世界経済評論IMPACT(世界経済評論インパクト)

No.3008
世界経済評論IMPACT No.3008

支援や制裁だけでなく停戦や共存に知恵を:長引くウクライナ戦争の被害拡大を憂う

山崎恭平

(東北文化学園大学 名誉教授・国際貿易投資研究所 客員研究員)

2023.06.26

 幸いなことに戦争の体験がなく,その悲惨さを実感できない。でも,今ウクライナではインドのモディ首相をして「今は戦争の時代ではない」と言わしめた戦争が1年以上も続き,心を痛めている。罪もない一般市民や子供達が砲弾の犠牲になり,食糧やエネルギー価格の高騰でグローバルサウスの人々にも影響が及んでいる。つい最近では南部のダムが決壊し水害で住民が家を追われ,飲料水や農業用水確保だけでなく原発の冷却水への心配や地雷の流出被害等も懸念されている。

 先のG7広島サッミトでは,ウクライナへの支援や侵攻したロシア制裁に結束を見せたが,このままでは最も尊い人間の命を含む被害拡大は避けられない情勢だ。戦争ではないが2011年の東日本大震災を仙台市内で被災,災害の恐怖の中で世界から駆け付けた救助隊の献身や支援で人間のすばらしさを実感した。その経験からすると,一日も早い停戦や平和の実現,両国共存を願わずにはいられない。

不透明なウクライナ戦争の行方

 このところのニュースの多くはウクライナの反転攻撃が始まったとの観測で,情報戦や心理戦の様相もあって双方の主張が異なる中で,人命を含めて被害の増大は避けられない情勢と危惧される。また,この情勢が何時まで続くのか今後の行方が不透明で,ロシアが不利になるような事態では核兵器使用で戦争がエスカレートし第3次大戦もあり得るのではと心配されている。したがって,今後の展開を注意深く見守るとともに,そろそろ停戦や休戦の道筋を議論しなければならないと思う。
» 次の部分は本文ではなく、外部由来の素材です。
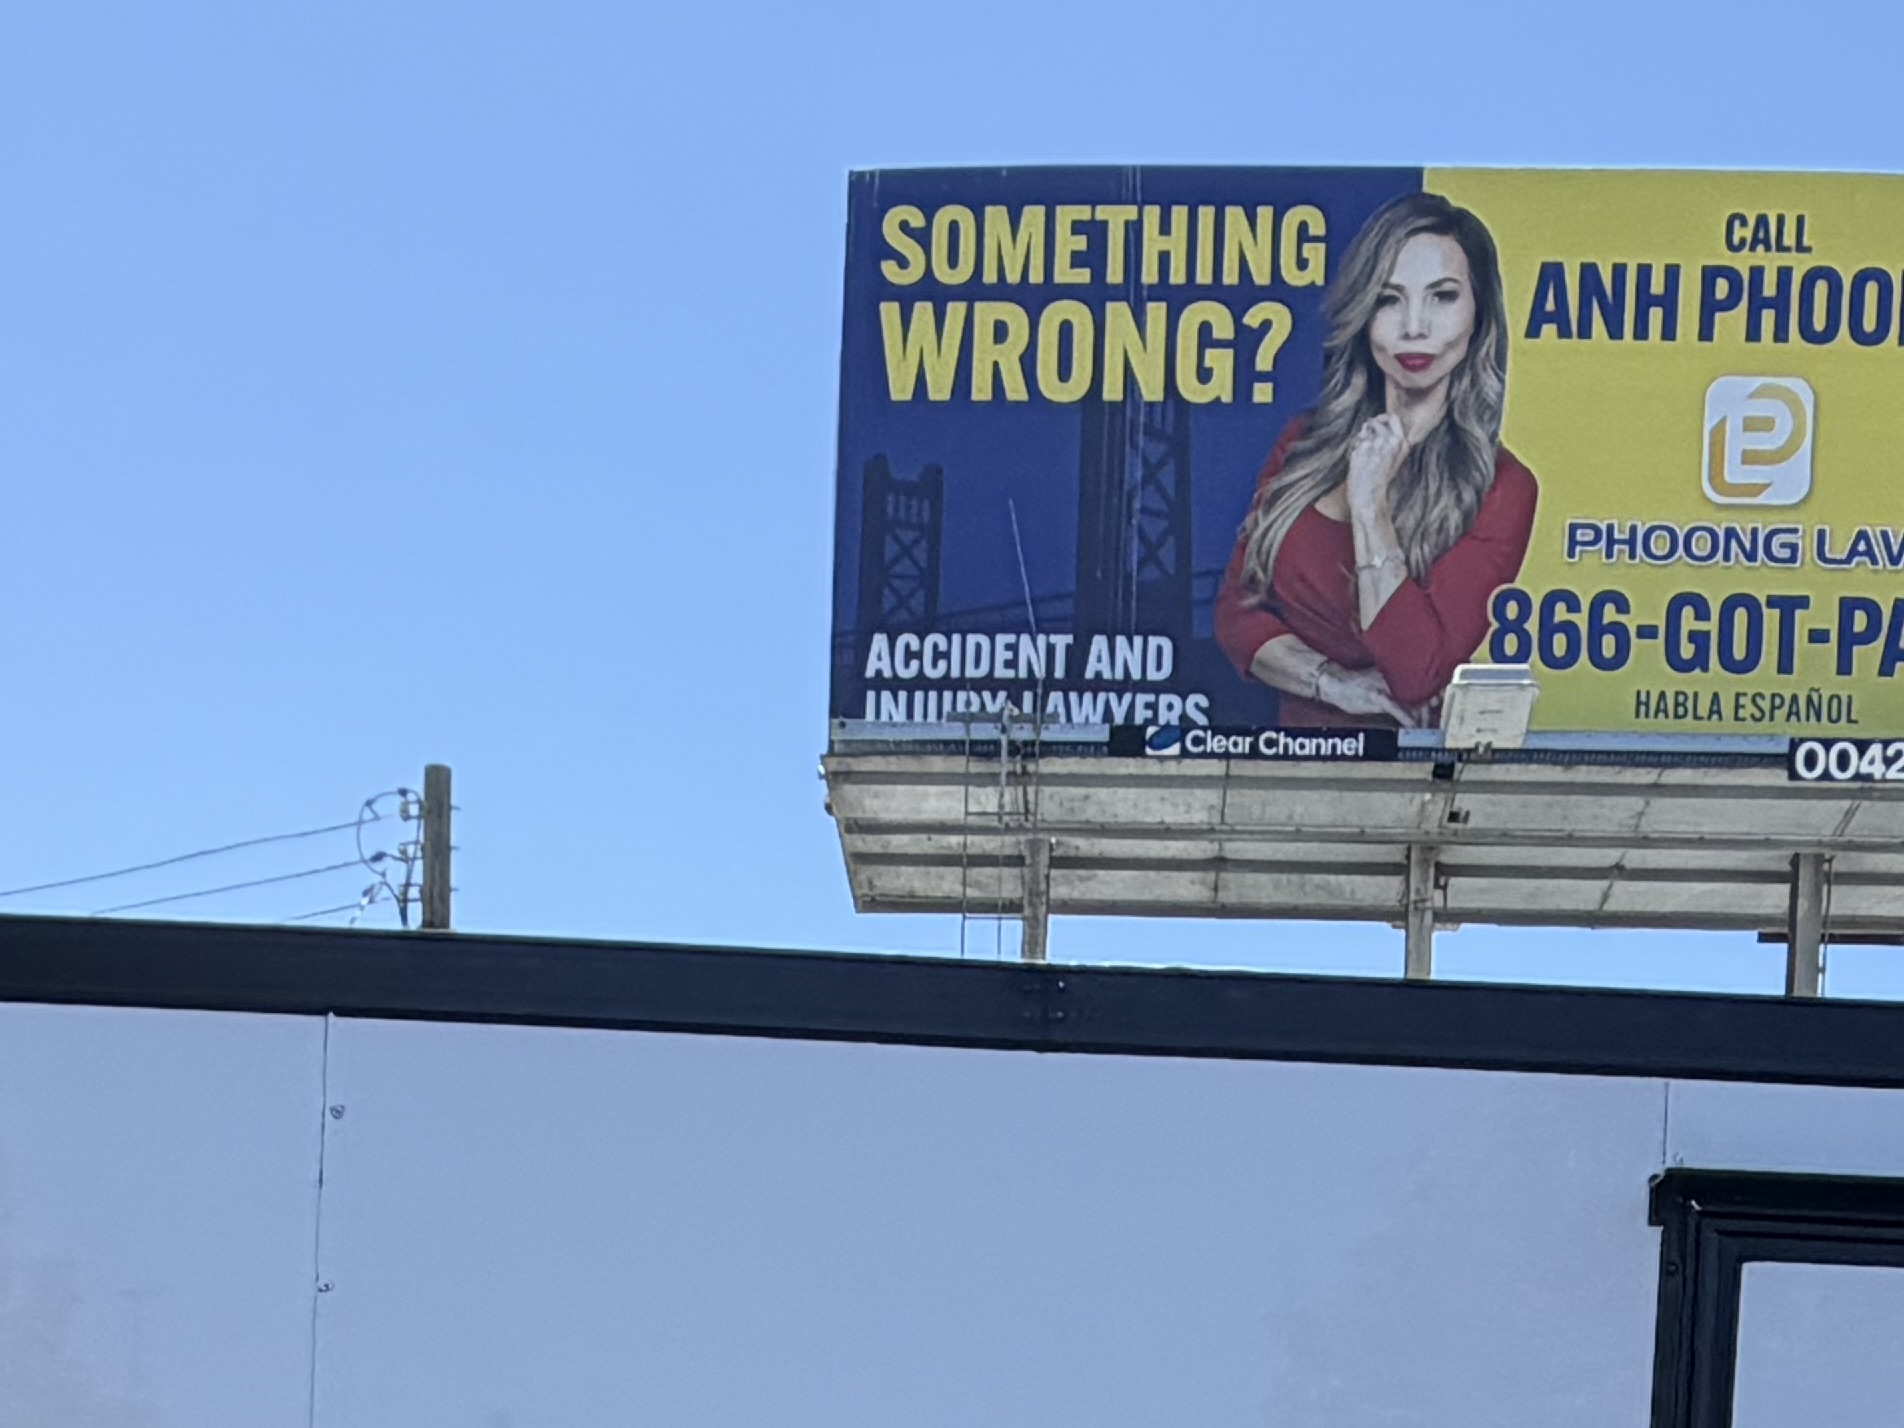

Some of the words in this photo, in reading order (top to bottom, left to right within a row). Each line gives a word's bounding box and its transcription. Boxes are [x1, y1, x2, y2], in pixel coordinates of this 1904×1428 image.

先のG7サミットは人類初の原子爆弾が投下された広島市で開催されただけに,核兵器の使用はあってはならないであろう。

 停戦に向けての仲介案は,G7広島サミットに招待されたブラジルの大統領が提案をしている。また,同じく招待されたインドのモディ首相は,ウクライナから駆け付けたゼレンスキー大統領との会談で,対話と外交による停戦に努めると表明している。さらに中国は先のアジア安保会議で李尚福国防相が和平の仲介意欲を表明,南ア等のアフリカ7カ国は和平協議の使節団を派遣している。いずれもまだ成果はないが,インドは今年のG20会議の議長国でBRICS会議のメンバー国でもあり,モディ首相は前記のようにプーチン大統領を誡める一方でウクライナには医薬品等人道支援しており,今後の外交が注目される。

停戦に向けて日印両国の連携協力を

 ウクライナ戦争に関してインドは,かつてのソ連寄りの立場からロシアの主張に組し,日本はロシアを非難する米欧陣営寄りで,最近覇権主義を強めている中国はロシア側と見られている。また,中国の覇権主義に対する自由で開放的なインド太平洋(FOIP)構想で日印米豪の4か国の協力連携が進展し,最近では韓国や欧州諸国もこれに参加する意向がうかがえる。どんな過去の歴史的な経緯や背景があったにせよ,侵攻したロシアに世界の批判が集中するのは当然であろう。そのロシアではプーチン大統領が独裁色を強めて,国民の大多数は情報統制や操作で真の姿が知らされずにいるようだ。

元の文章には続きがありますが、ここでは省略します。